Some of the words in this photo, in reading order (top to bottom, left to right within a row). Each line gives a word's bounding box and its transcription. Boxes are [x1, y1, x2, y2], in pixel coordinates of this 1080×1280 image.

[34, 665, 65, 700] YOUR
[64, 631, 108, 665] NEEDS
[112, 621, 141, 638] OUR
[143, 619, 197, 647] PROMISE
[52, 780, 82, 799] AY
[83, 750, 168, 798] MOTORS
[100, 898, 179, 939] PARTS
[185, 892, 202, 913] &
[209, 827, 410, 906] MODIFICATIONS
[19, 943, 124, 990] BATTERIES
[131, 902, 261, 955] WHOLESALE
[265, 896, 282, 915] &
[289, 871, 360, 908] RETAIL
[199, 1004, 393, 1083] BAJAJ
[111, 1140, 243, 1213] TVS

---+---

◆ Task statement ◆
This exercise requires an exact copy of all the records.

◆ Result of this exercise ◆
Some of the words in this photo, in reading order (top to bottom, left to right within a row). Each line gives a word's bounding box and its transcription. Boxes are [x1, y1, x2, y2], in pixel coordinates of this 1080×1280 image.

[34, 665, 65, 700] YOUR
[64, 631, 108, 665] NEEDS
[112, 621, 141, 638] OUR
[143, 619, 197, 647] PROMISE
[52, 780, 82, 799] AY
[83, 750, 168, 798] MOTORS
[100, 898, 179, 939] PARTS
[185, 892, 202, 913] &
[209, 827, 410, 906] MODIFICATIONS
[19, 943, 124, 990] BATTERIES
[131, 902, 261, 955] WHOLESALE
[265, 896, 282, 915] &
[289, 871, 360, 908] RETAIL
[199, 1004, 393, 1083] BAJAJ
[111, 1140, 243, 1213] TVS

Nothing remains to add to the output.